PROBLEM DESCRIPTION: Start at the line that contains "this 1600×1200 image.". Repeat it and each line after it, exactly, up to and including the final line of the data.

[Annotated photo localization data]
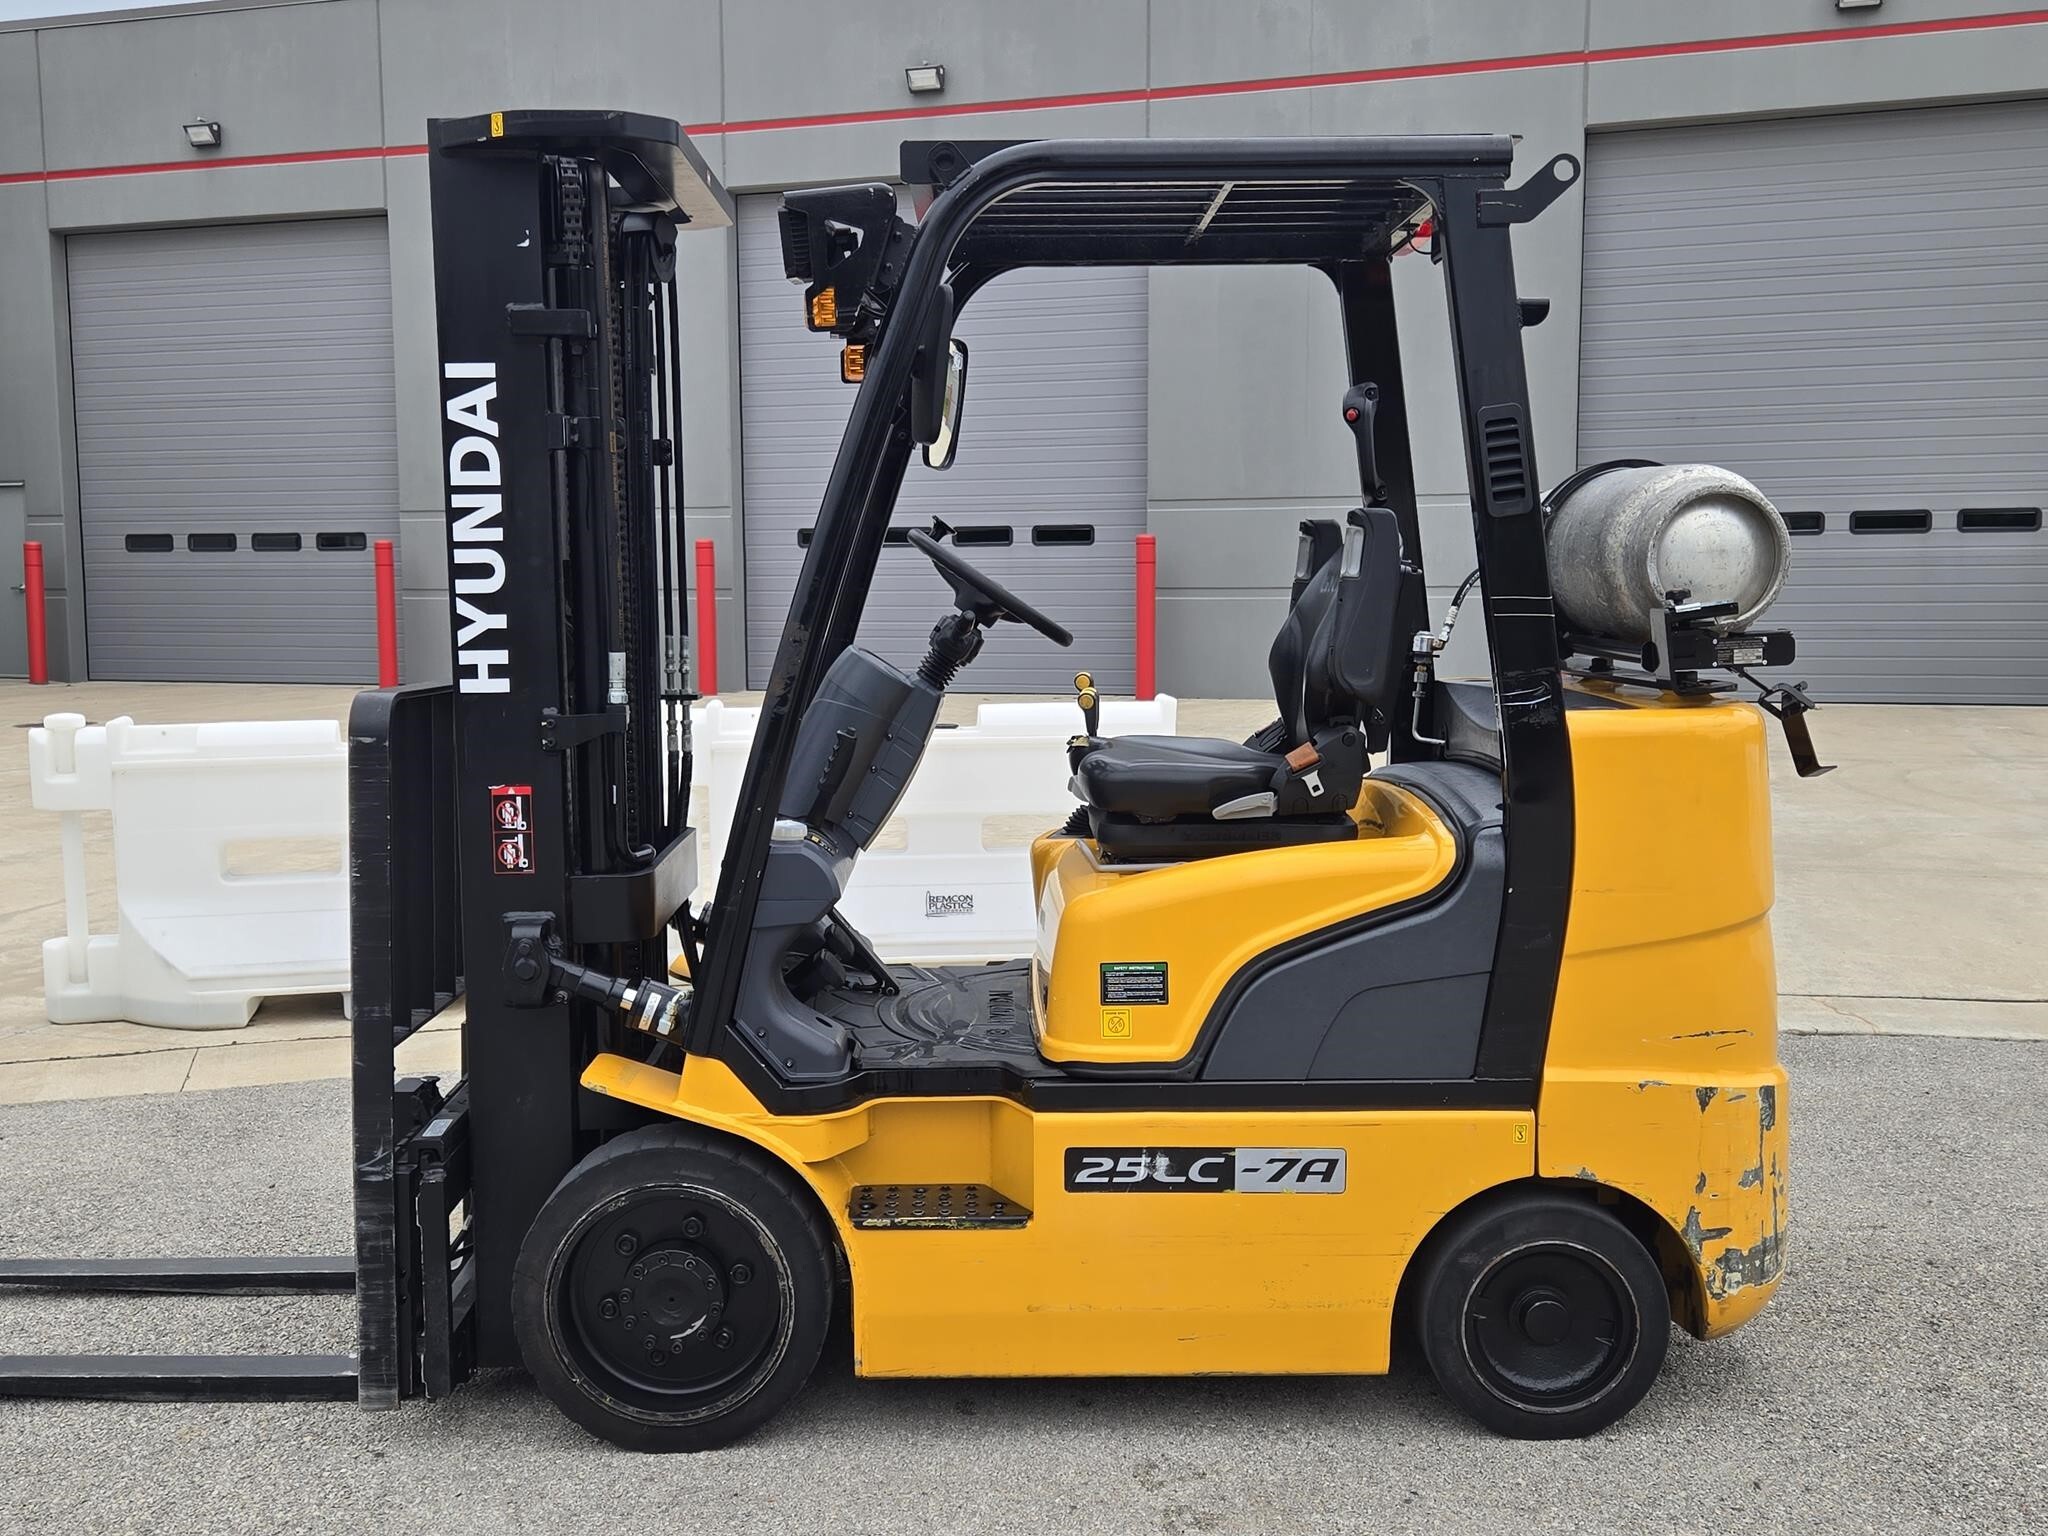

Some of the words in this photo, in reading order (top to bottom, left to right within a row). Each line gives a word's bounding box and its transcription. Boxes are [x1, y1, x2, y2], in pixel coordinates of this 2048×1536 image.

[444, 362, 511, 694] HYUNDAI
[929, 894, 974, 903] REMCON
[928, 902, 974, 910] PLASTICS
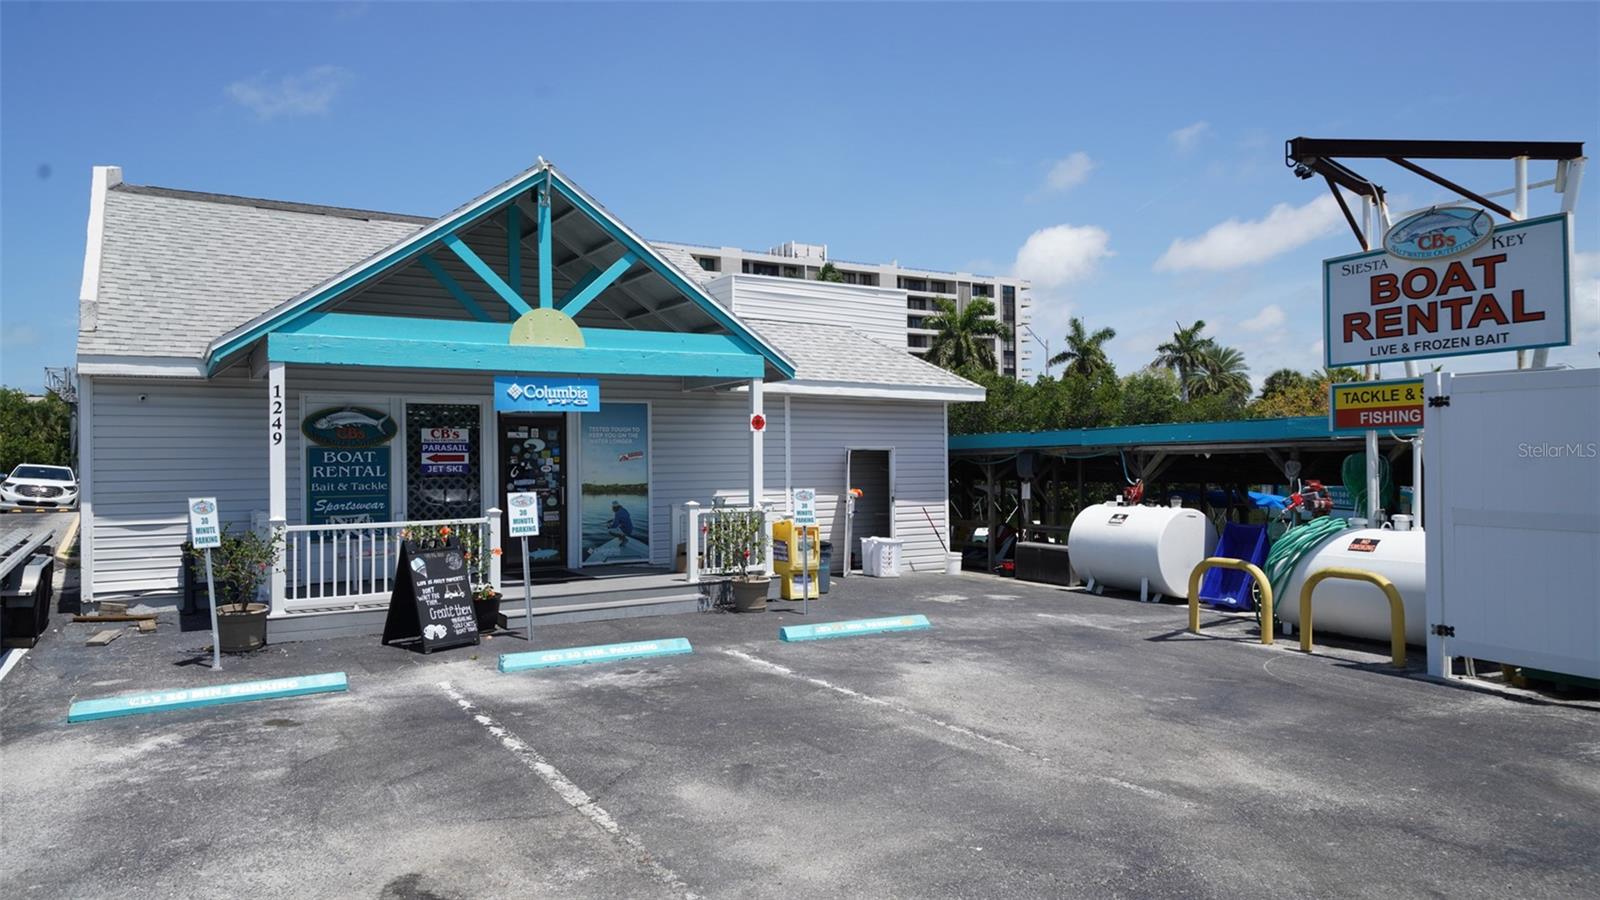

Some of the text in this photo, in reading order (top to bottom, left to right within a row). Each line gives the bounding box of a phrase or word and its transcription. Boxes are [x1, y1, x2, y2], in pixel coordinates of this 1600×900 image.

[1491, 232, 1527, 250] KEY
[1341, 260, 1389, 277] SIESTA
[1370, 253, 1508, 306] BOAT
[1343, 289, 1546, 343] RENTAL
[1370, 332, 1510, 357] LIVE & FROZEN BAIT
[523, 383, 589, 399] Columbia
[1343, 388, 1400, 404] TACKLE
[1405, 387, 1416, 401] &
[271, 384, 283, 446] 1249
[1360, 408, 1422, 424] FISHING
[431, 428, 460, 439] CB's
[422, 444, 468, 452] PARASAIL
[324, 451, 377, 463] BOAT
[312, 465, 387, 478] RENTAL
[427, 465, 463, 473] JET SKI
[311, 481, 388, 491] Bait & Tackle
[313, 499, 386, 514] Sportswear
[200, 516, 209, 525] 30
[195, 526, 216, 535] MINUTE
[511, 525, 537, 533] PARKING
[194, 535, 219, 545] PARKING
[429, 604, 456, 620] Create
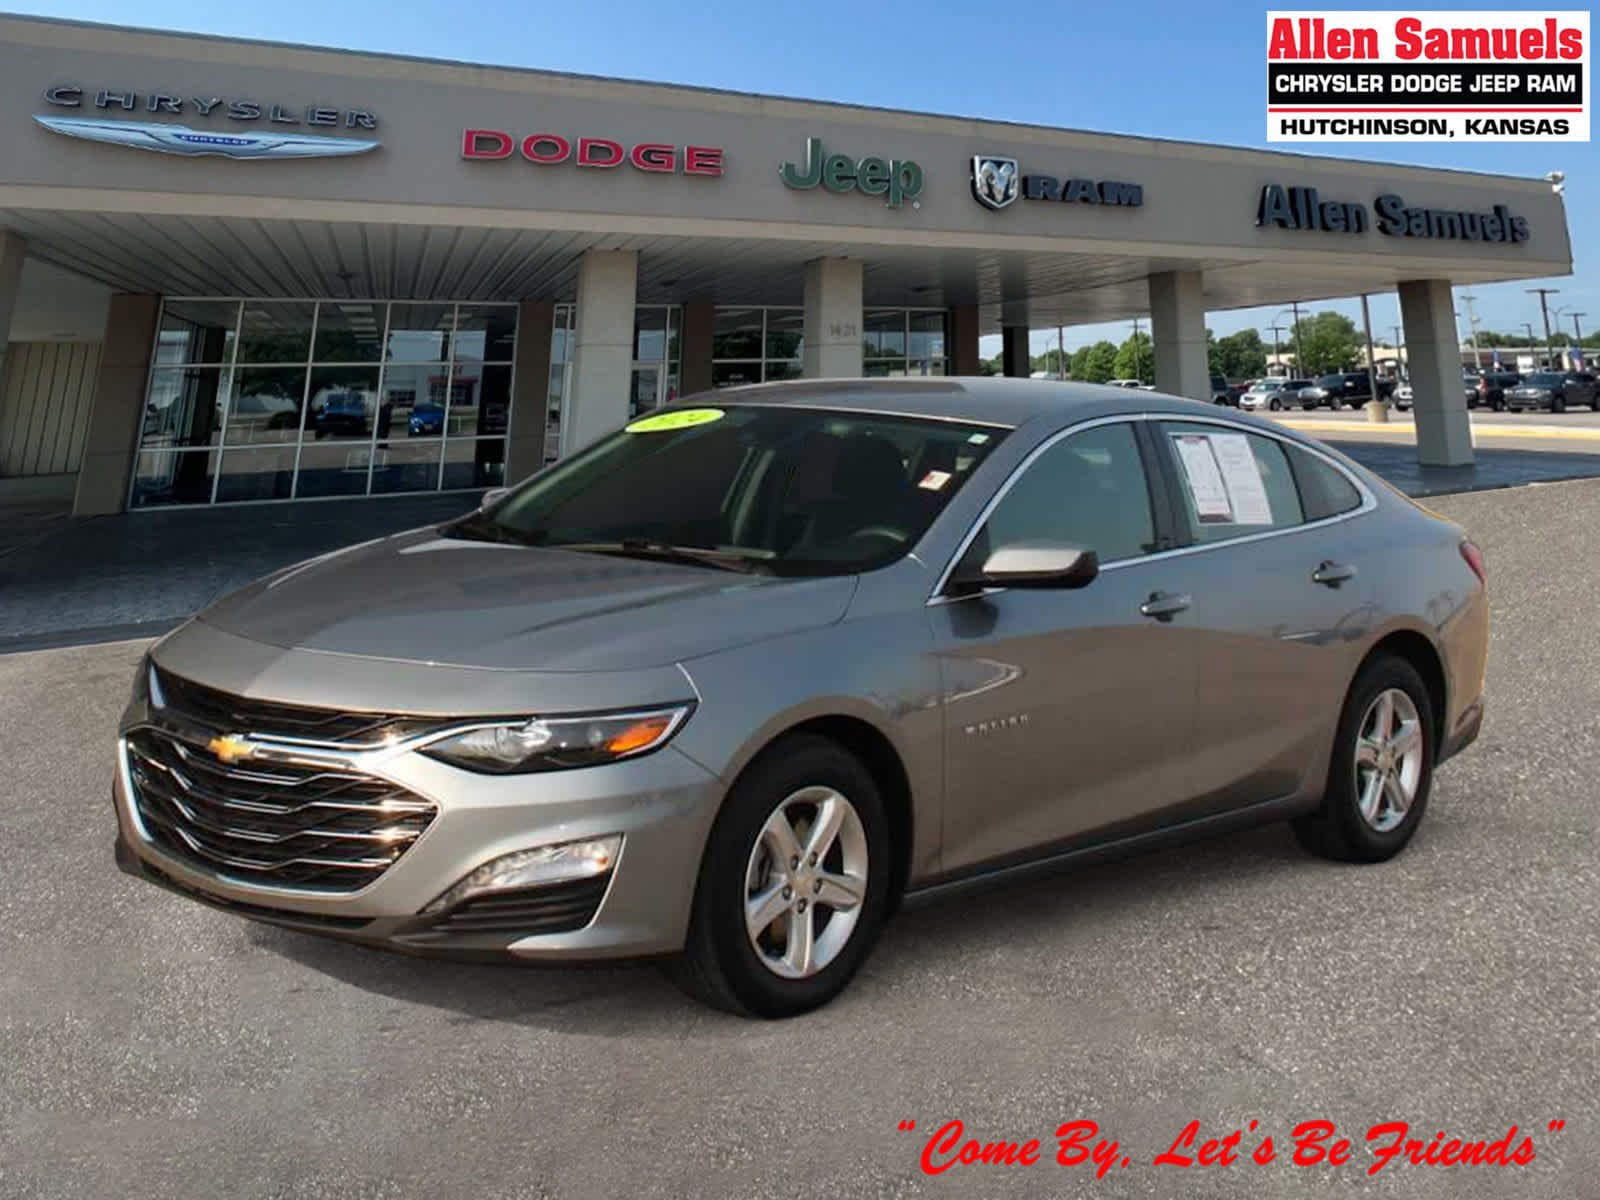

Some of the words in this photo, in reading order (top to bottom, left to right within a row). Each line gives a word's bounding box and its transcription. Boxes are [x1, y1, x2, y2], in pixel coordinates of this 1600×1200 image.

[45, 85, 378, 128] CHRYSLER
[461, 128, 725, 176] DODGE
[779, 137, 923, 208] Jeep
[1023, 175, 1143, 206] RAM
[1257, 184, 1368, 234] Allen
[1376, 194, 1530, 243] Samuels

WRITTEN RESPONSE:
Some of the words in this photo, in reading order (top to bottom, left to right within a row). Each line gives a word's bounding box and its transcription. Boxes are [x1, y1, x2, y2], in pixel coordinates of this 1600×1200 image.

[45, 85, 378, 128] CHRYSLER
[461, 128, 725, 176] DODGE
[779, 137, 923, 208] Jeep
[1023, 175, 1143, 206] RAM
[1257, 184, 1368, 234] Allen
[1376, 194, 1530, 243] Samuels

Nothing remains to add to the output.